Il questore di Como Giuseppe De Angelis ha riferito che tutti i 13 partecipanti all'irruzione del 28 novembre scorso nella sede di «Como senza frontiere» risultano avere precedenti penali. Uno degli indagati, di Piacenza, ha scontato una condanna a sei anni di reclusione per tentato omicidio, otto indagati risultano essere stati colpiti da Daspo (in sette casi su otto i provvedimenti sono tuttora in vigore) e tutti, a vario titolo, risultano avere precedenti per reati legati a problemi di ordine pubblico come oltraggio, resistenza e violenza a pubblico ufficiale e danneggiamenti.

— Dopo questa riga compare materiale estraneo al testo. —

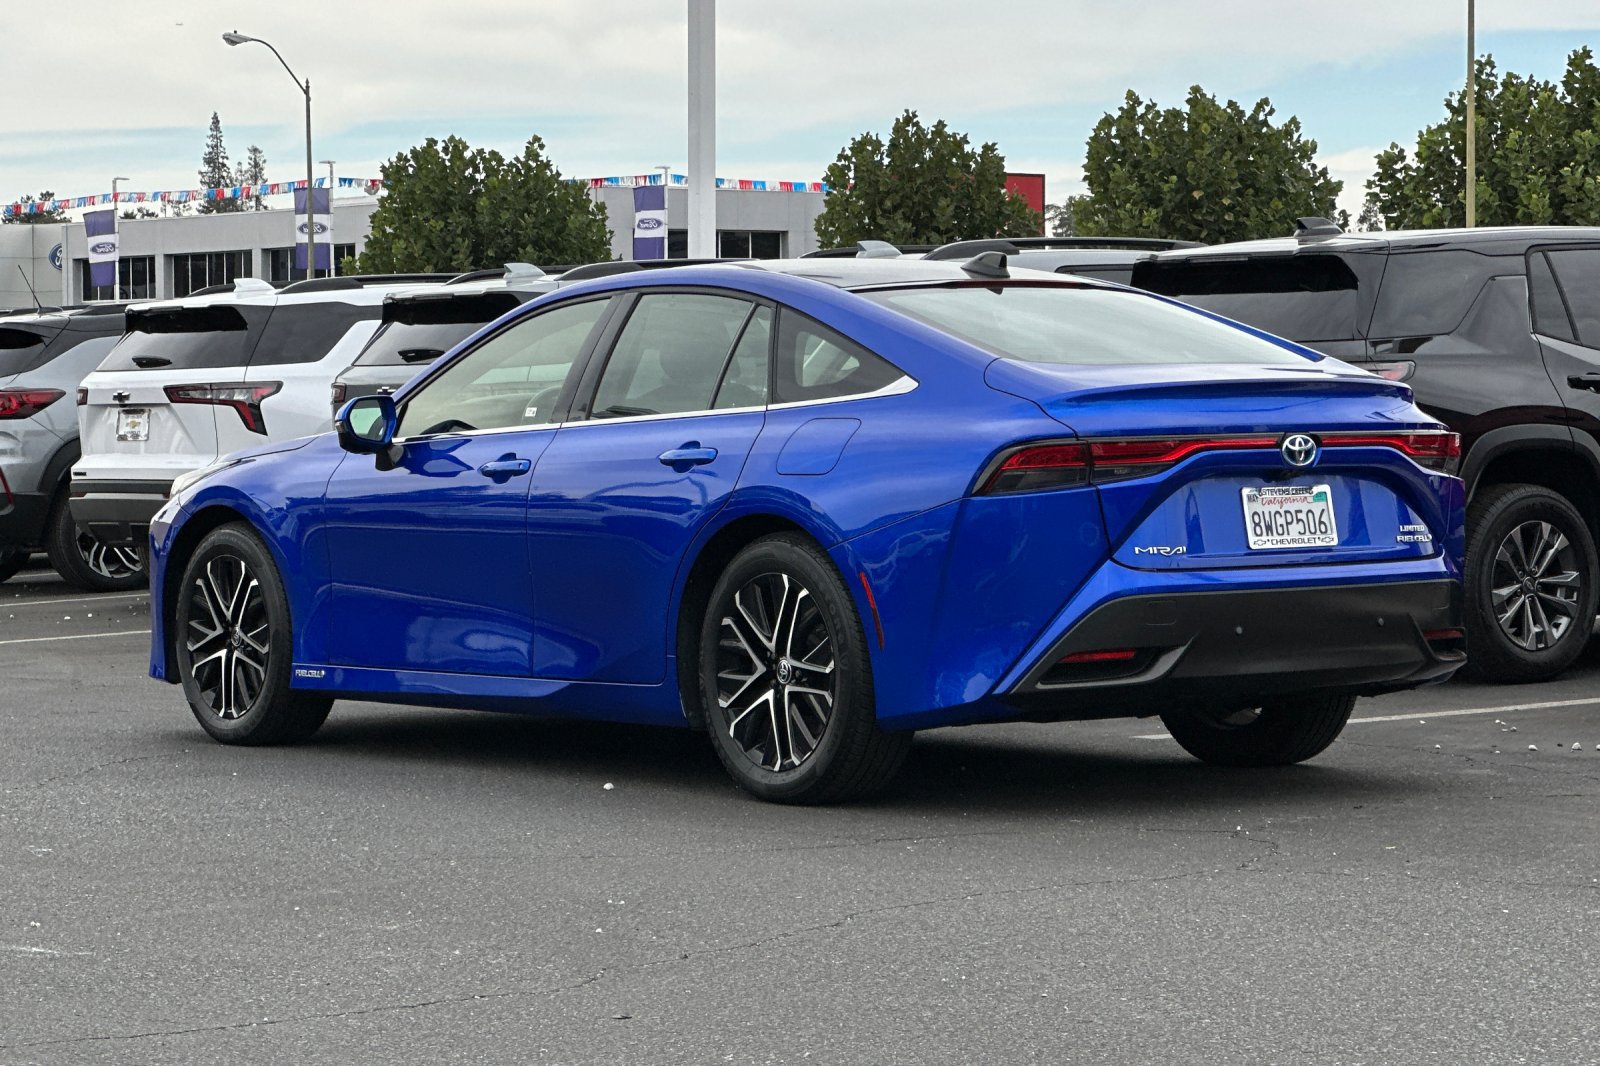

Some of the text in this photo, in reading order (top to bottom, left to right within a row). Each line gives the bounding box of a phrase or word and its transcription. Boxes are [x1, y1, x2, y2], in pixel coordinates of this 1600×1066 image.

Gli uomini della polizia hanno perquisito le abitazioni di diversi militanti del Veneto Fronte Skinhead tra Como, Brescia, Genova, Lodi, Mantova e Piacenza. I militanti perquisiti sono indagati dalla procura di Como per violenza privata in concorso. Le perquisizioni sono state effettuate dagli agenti della Digos di Como coordinati dall'antiterrorismo.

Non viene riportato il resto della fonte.